> _Task brief_
Each record below must come back exactly as written; its pictures must not.

> _Input records_
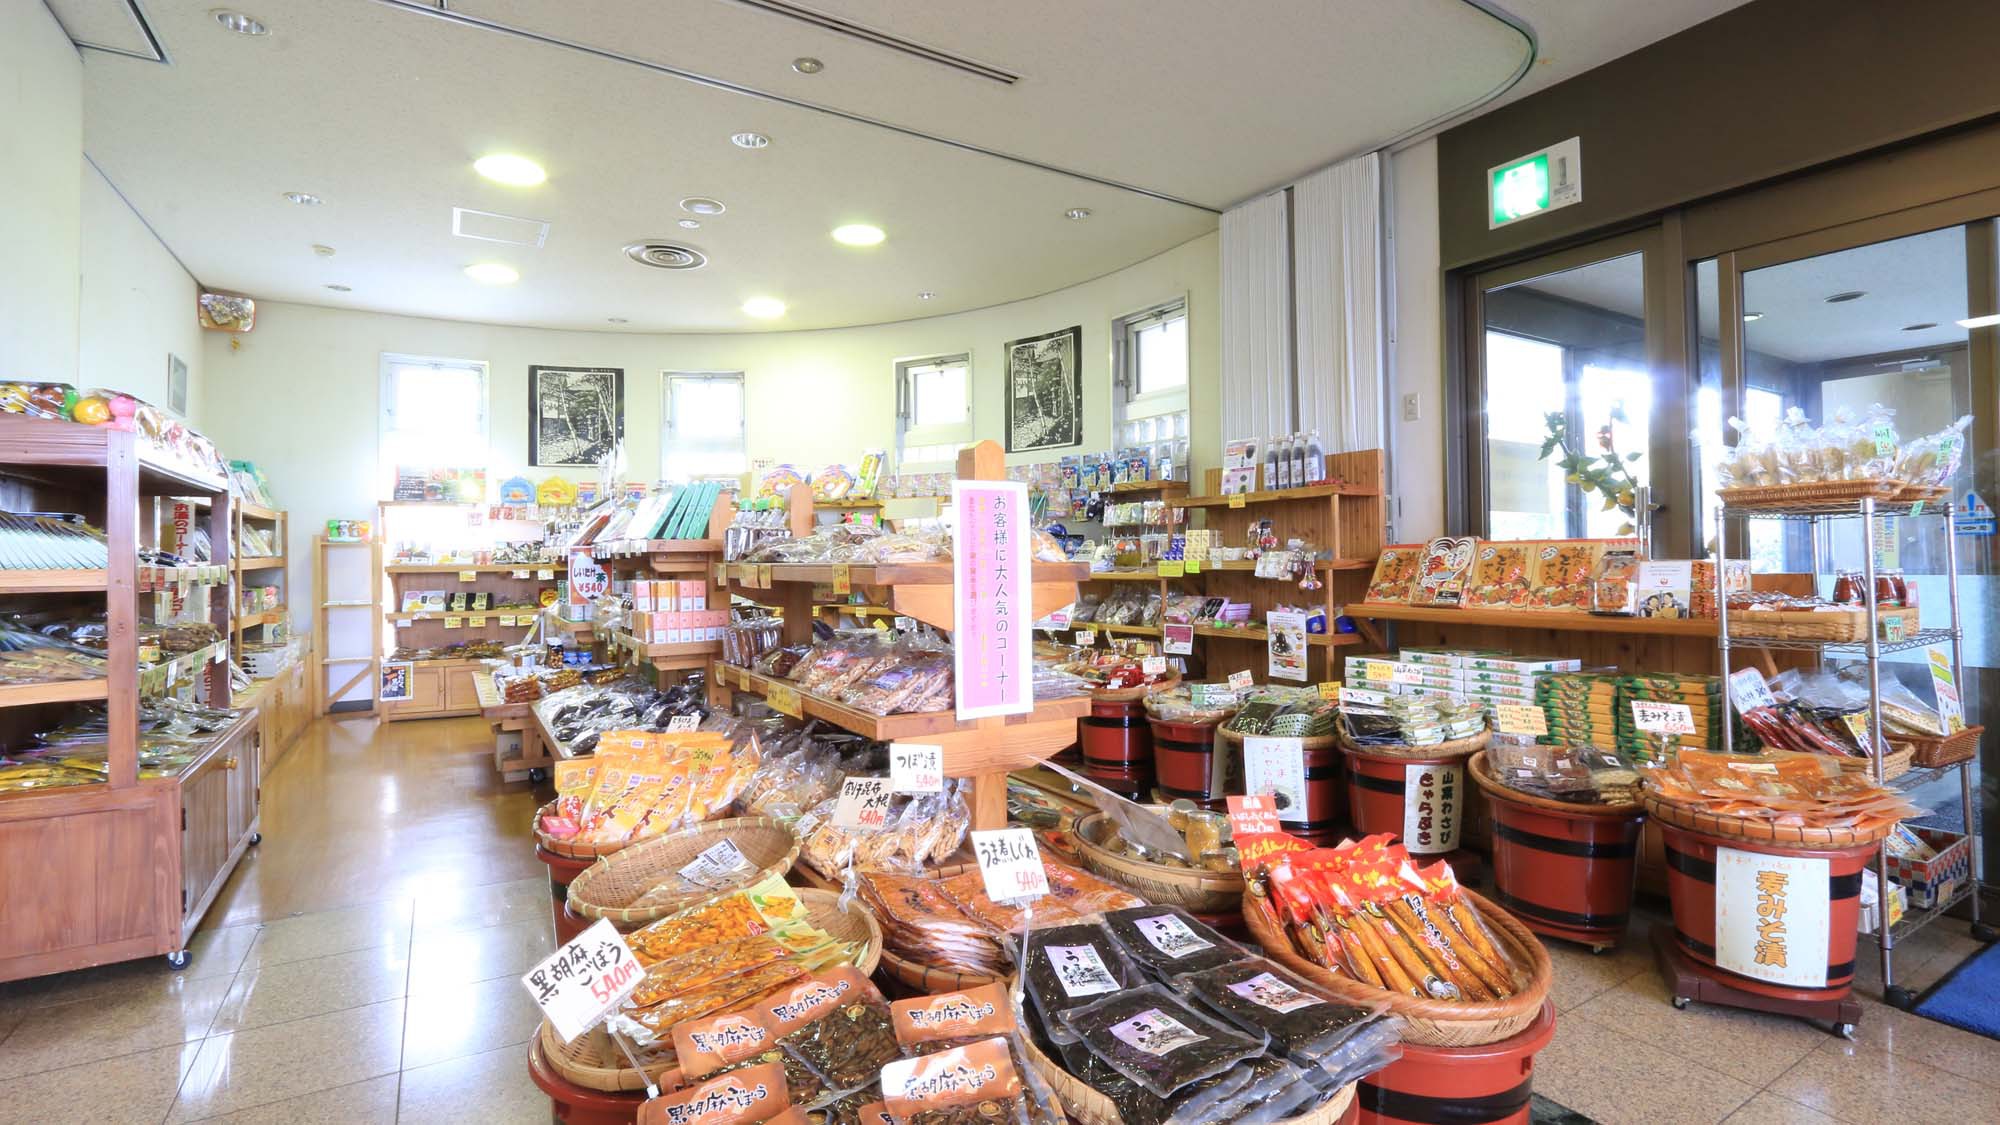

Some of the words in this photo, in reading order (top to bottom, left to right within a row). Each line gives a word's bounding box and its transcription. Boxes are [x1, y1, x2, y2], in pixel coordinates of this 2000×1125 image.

[993, 495, 1009, 703] お客様に大人気のコーナー
[1638, 709, 1686, 723] 麦みそ漬
[897, 752, 937, 771] つぼ漬
[915, 774, 941, 788] 540円
[857, 810, 885, 825] 540円
[1417, 772, 1434, 845] きゃらぶき
[1440, 771, 1455, 844] 山菜わさび
[1015, 871, 1045, 891] 540円
[1753, 870, 1789, 969] 麦みそ漬
[530, 943, 587, 1005] 黒胡麻
[578, 941, 622, 987] ごぼう
[591, 959, 638, 1005] 540円
[771, 980, 850, 1024] 黒胡麻ごぼう
[908, 1002, 995, 1028] 黒胡麻ごぼう
[690, 1025, 766, 1054] 黒胡麻ごぼ
[904, 1065, 996, 1100] 黒胡麻ごぼう
[666, 1085, 768, 1124] 黒胡麻ごぼう
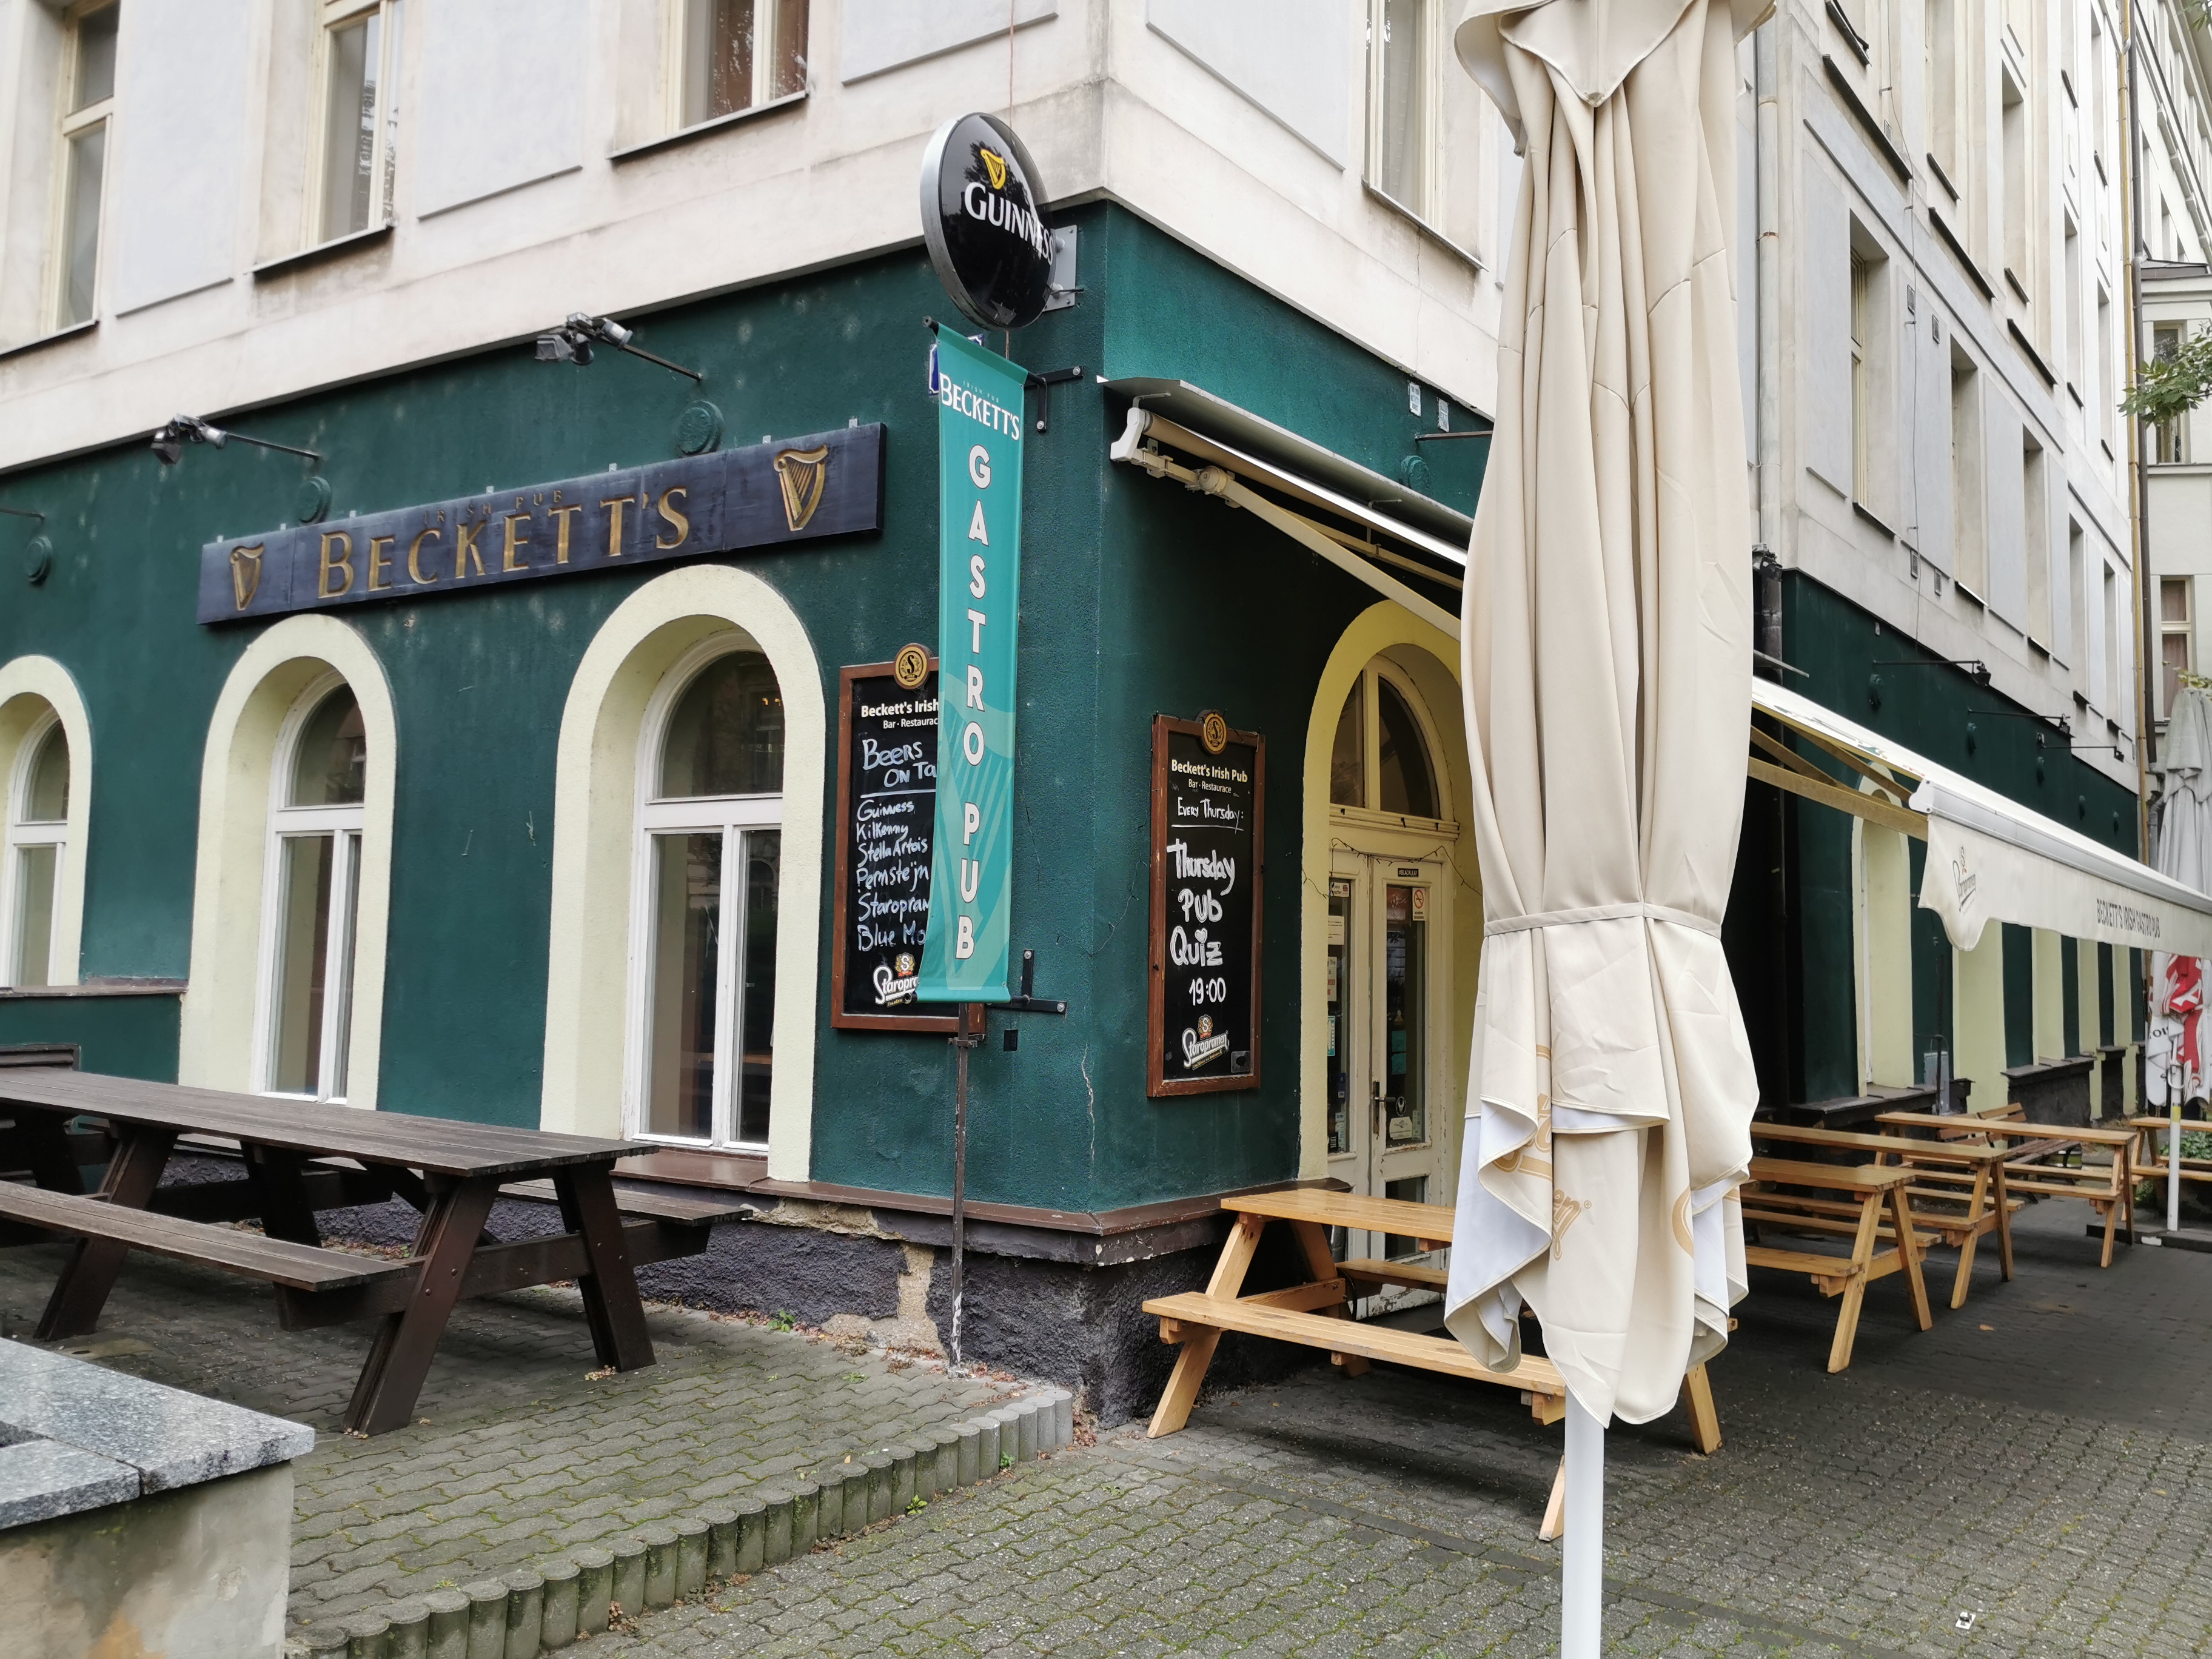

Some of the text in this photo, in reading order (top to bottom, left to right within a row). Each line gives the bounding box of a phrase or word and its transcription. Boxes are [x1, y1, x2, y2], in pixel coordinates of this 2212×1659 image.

[965, 182, 1054, 266] GUINNESS
[939, 372, 1020, 441] BECKETT'S
[963, 381, 999, 403] IRISH PUB
[424, 490, 563, 525] IRISH PUB
[318, 487, 690, 599] BECKETT'S
[963, 444, 991, 766] GASTRO
[860, 702, 913, 717] Beckett's
[883, 717, 939, 729] Bar Restaurac
[913, 762, 937, 780] Ta
[1171, 759, 1248, 783] Beckett's Irish Pub
[1188, 779, 1232, 794] Bar Restaurace
[955, 802, 980, 960] PUB
[1166, 838, 1235, 896] Thursday
[857, 920, 926, 952] Blue Mo
[1189, 977, 1226, 1006] 19:00
[1182, 1030, 1229, 1068] Staropramen
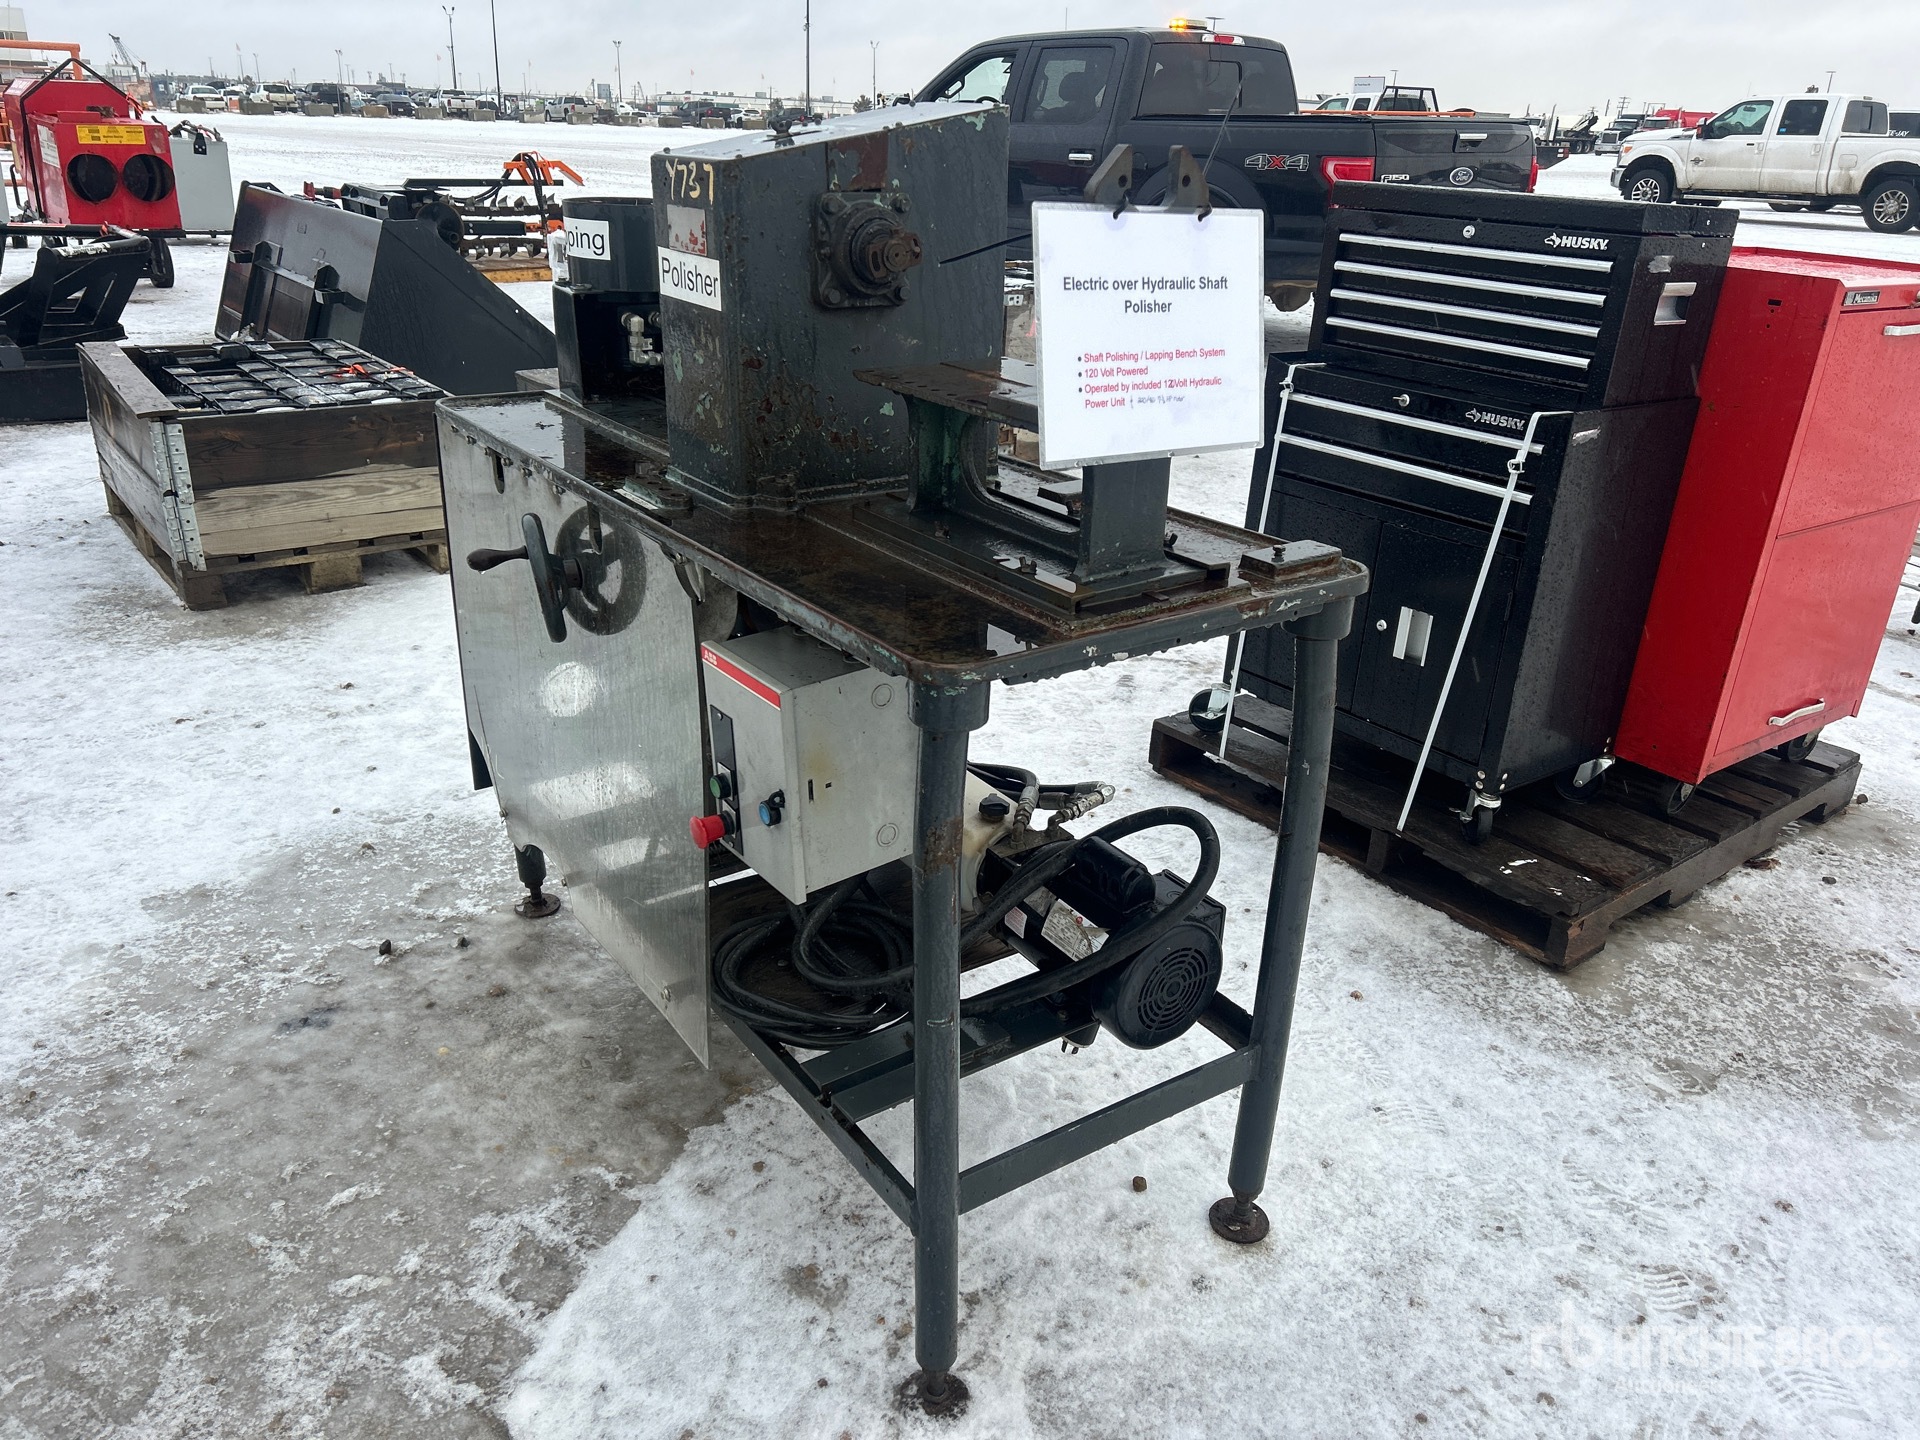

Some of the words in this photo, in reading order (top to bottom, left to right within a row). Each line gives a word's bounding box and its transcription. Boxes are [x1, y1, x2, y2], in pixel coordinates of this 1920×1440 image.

> _Exercise result_
Some of the words in this photo, in reading order (top to bottom, left to right within a row). Each line gives a word's bounding box and its transcription. Boxes are [x1, y1, x2, y2], in pixel coordinates of this 2000×1125 image.

[993, 495, 1009, 703] お客様に大人気のコーナー
[1638, 709, 1686, 723] 麦みそ漬
[897, 752, 937, 771] つぼ漬
[915, 774, 941, 788] 540円
[857, 810, 885, 825] 540円
[1417, 772, 1434, 845] きゃらぶき
[1440, 771, 1455, 844] 山菜わさび
[1015, 871, 1045, 891] 540円
[1753, 870, 1789, 969] 麦みそ漬
[530, 943, 587, 1005] 黒胡麻
[578, 941, 622, 987] ごぼう
[591, 959, 638, 1005] 540円
[771, 980, 850, 1024] 黒胡麻ごぼう
[908, 1002, 995, 1028] 黒胡麻ごぼう
[690, 1025, 766, 1054] 黒胡麻ごぼ
[904, 1065, 996, 1100] 黒胡麻ごぼう
[666, 1085, 768, 1124] 黒胡麻ごぼう

Some of the text in this photo, in reading order (top to bottom, left to right within a row). Each line gives the bounding box of a phrase or word and its transcription. Boxes are [x1, y1, x2, y2], in pixel coordinates of this 2212×1659 image.

[965, 182, 1054, 266] GUINNESS
[939, 372, 1020, 441] BECKETT'S
[963, 381, 999, 403] IRISH PUB
[424, 490, 563, 525] IRISH PUB
[318, 487, 690, 599] BECKETT'S
[963, 444, 991, 766] GASTRO
[860, 702, 913, 717] Beckett's
[883, 717, 939, 729] Bar Restaurac
[913, 762, 937, 780] Ta
[1171, 759, 1248, 783] Beckett's Irish Pub
[1188, 779, 1232, 794] Bar Restaurace
[955, 802, 980, 960] PUB
[1166, 838, 1235, 896] Thursday
[857, 920, 926, 952] Blue Mo
[1189, 977, 1226, 1006] 19:00
[1182, 1030, 1229, 1068] Staropramen

Some of the words in this photo, in reading order (top to bottom, left to right within a row). Each line gives a word's bounding box and its transcription. Boxes are [x1, y1, x2, y2], in pixel coordinates of this 1920×1440 image.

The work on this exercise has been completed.